## YOUR ASSIGNMENT
Look for the line containing "this 1280×1440 image." in the records below. Then output it and all the lines that follow, exactly and without any others.

Saved data entries
-- Opening Marker --

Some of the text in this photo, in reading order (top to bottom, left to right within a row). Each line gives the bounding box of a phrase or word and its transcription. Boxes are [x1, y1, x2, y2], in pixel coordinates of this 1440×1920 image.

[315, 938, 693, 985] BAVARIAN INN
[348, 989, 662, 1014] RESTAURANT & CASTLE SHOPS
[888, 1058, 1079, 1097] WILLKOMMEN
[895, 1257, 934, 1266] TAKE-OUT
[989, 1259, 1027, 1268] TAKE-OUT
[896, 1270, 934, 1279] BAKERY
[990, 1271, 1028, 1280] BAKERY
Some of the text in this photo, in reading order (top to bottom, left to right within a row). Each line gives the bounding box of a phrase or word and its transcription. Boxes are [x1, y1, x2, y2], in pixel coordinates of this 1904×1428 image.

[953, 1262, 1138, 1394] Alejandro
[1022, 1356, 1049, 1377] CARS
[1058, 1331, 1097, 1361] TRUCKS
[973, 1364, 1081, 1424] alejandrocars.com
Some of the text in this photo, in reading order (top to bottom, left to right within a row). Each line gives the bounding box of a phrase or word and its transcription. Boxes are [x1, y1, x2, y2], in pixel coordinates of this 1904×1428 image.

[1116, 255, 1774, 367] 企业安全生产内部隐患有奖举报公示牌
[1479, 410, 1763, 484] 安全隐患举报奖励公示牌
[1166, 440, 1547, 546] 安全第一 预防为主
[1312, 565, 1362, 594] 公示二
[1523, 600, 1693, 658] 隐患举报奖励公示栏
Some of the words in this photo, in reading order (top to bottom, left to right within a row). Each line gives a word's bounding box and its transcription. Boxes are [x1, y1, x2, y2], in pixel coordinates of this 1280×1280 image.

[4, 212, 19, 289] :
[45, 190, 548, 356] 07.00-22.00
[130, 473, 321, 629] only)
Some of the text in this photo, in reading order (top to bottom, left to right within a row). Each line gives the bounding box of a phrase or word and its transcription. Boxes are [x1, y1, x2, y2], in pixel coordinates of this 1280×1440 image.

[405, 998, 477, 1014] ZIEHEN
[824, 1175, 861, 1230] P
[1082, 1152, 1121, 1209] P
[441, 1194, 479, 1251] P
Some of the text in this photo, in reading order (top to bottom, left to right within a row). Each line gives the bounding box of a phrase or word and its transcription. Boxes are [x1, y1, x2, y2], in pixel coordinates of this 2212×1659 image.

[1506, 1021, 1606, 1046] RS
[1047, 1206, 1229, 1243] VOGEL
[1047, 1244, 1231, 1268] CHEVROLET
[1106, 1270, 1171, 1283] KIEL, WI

-- Closing Marker --

## ANSWER AREA
Some of the text in this photo, in reading order (top to bottom, left to right within a row). Each line gives the bounding box of a phrase or word and its transcription. Boxes are [x1, y1, x2, y2], in pixel coordinates of this 1280×1440 image.

[405, 998, 477, 1014] ZIEHEN
[824, 1175, 861, 1230] P
[1082, 1152, 1121, 1209] P
[441, 1194, 479, 1251] P
Some of the text in this photo, in reading order (top to bottom, left to right within a row). Each line gives the bounding box of a phrase or word and its transcription. Boxes are [x1, y1, x2, y2], in pixel coordinates of this 2212×1659 image.

[1506, 1021, 1606, 1046] RS
[1047, 1206, 1229, 1243] VOGEL
[1047, 1244, 1231, 1268] CHEVROLET
[1106, 1270, 1171, 1283] KIEL, WI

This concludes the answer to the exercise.